--- Available data Enclosed Below ---

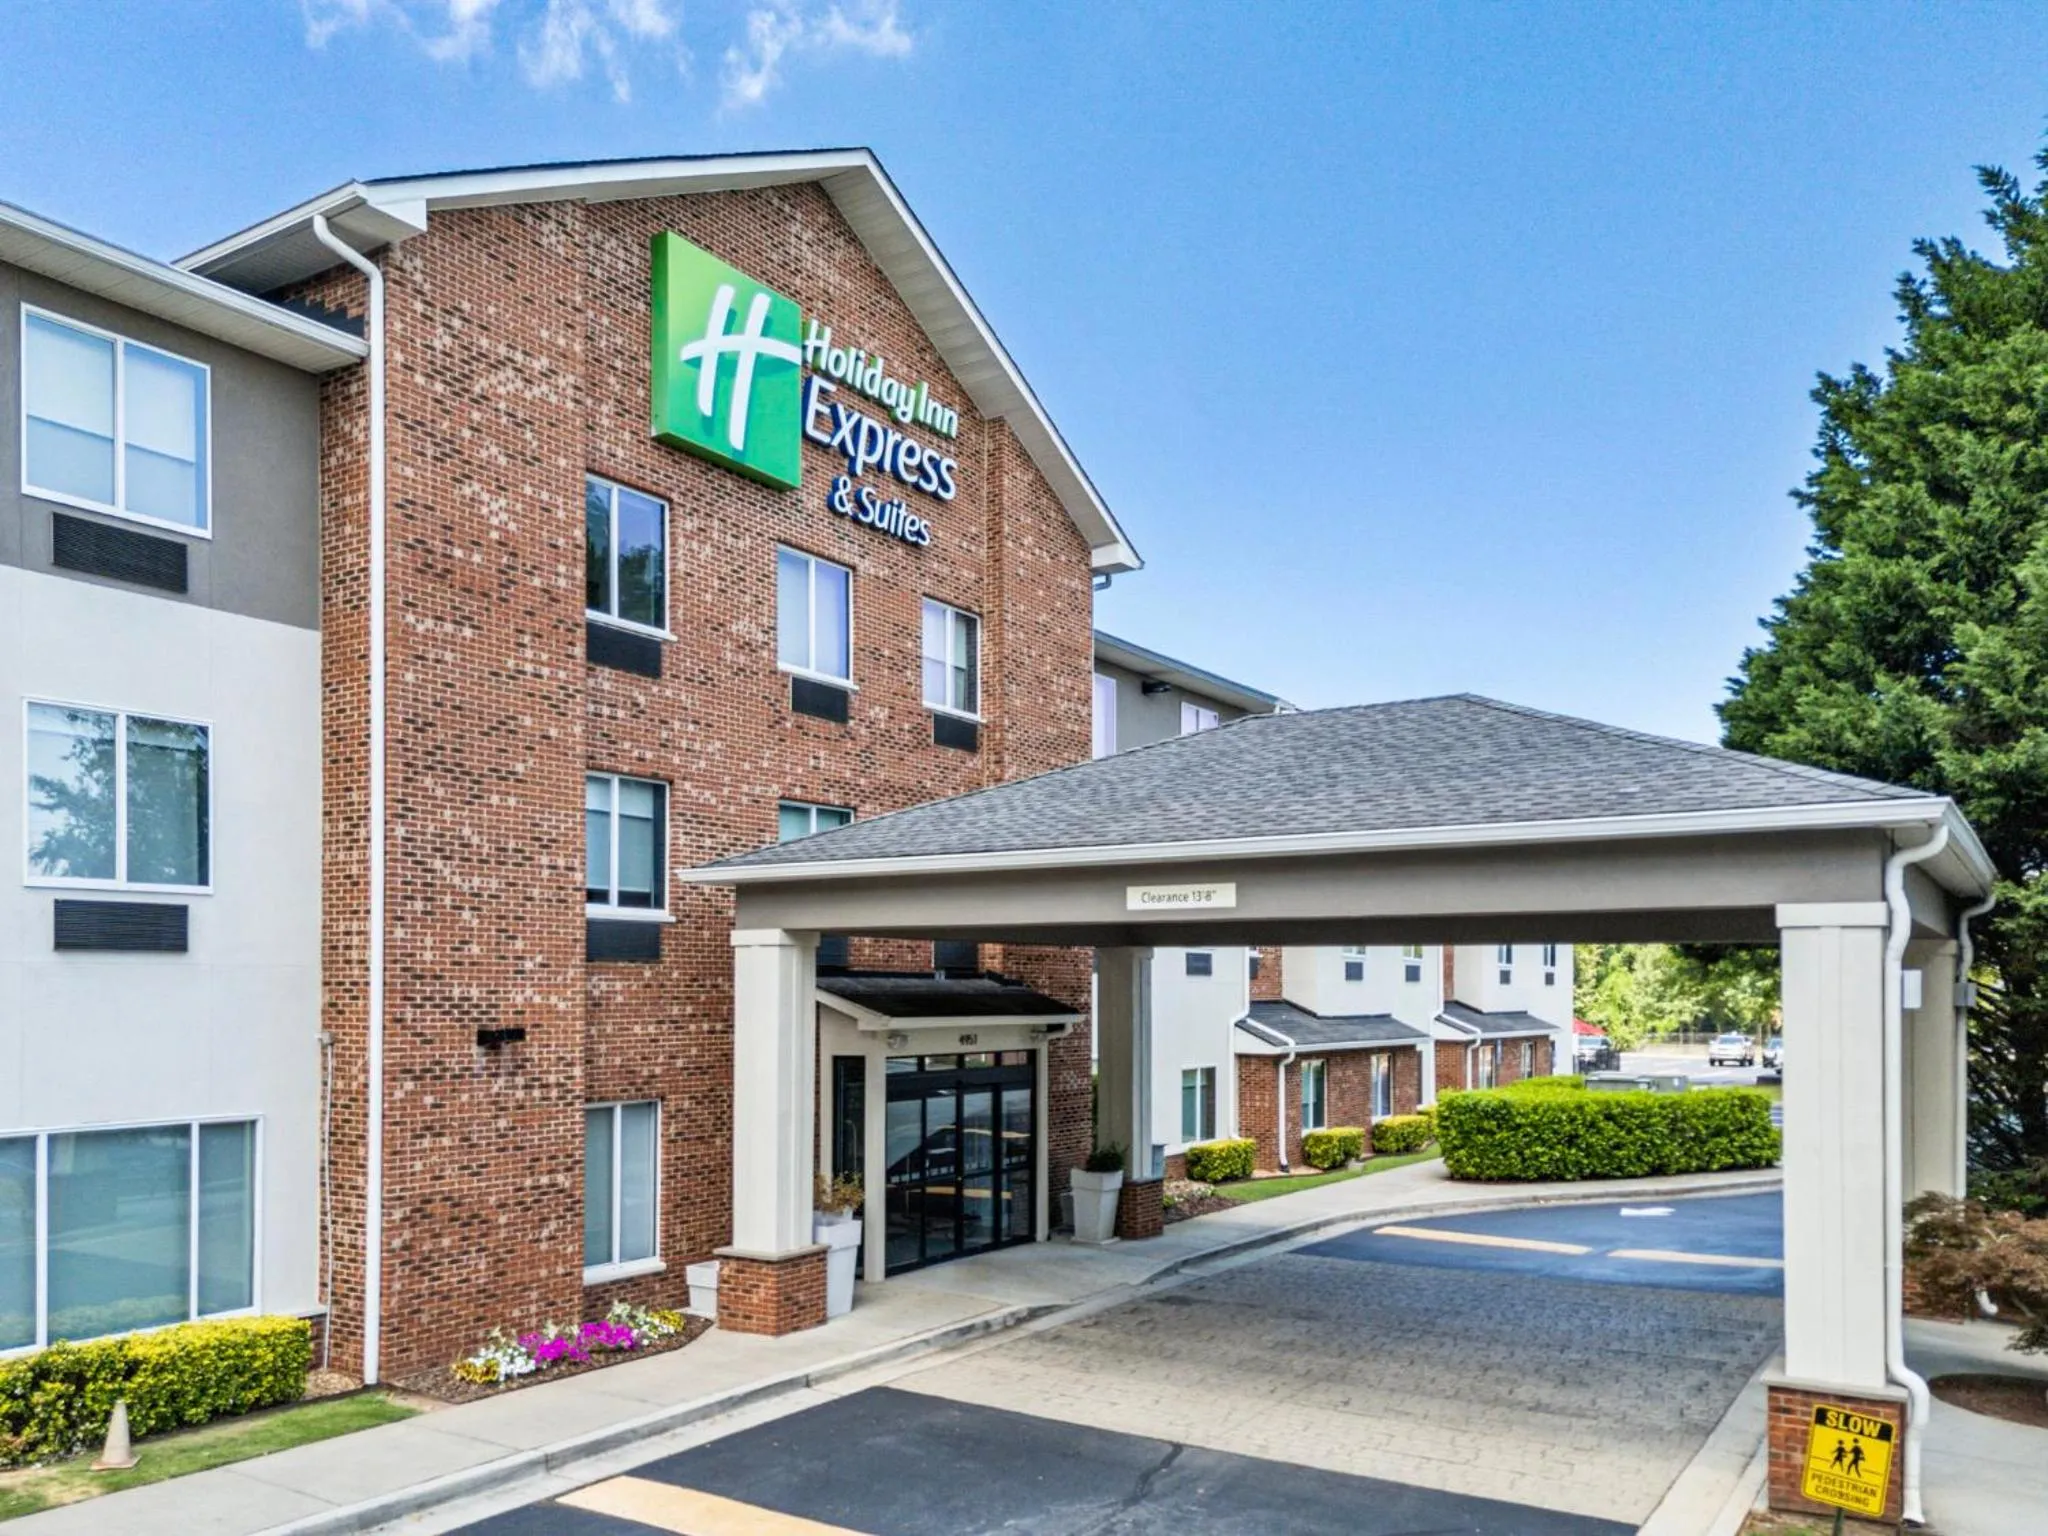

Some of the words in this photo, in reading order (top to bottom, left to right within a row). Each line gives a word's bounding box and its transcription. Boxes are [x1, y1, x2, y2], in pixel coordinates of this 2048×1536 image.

[803, 319, 916, 422] Holiday
[917, 381, 958, 439] Inn
[803, 375, 958, 500] Express
[830, 476, 854, 515] &
[856, 485, 931, 547] Suites
[1141, 891, 1189, 903] Clearance
[1825, 1410, 1881, 1438] SLOW
[1811, 1473, 1877, 1497] PEDESTRIAN
[1815, 1485, 1870, 1507] CROSSING

--- End of Enclosed Available data ---

Everything in the records above should come back word for word, except the pictures.

Exercise response
Some of the words in this photo, in reading order (top to bottom, left to right within a row). Each line gives a word's bounding box and its transcription. Boxes are [x1, y1, x2, y2], in pixel coordinates of this 2048×1536 image.

[803, 319, 916, 422] Holiday
[917, 381, 958, 439] Inn
[803, 375, 958, 500] Express
[830, 476, 854, 515] &
[856, 485, 931, 547] Suites
[1141, 891, 1189, 903] Clearance
[1825, 1410, 1881, 1438] SLOW
[1811, 1473, 1877, 1497] PEDESTRIAN
[1815, 1485, 1870, 1507] CROSSING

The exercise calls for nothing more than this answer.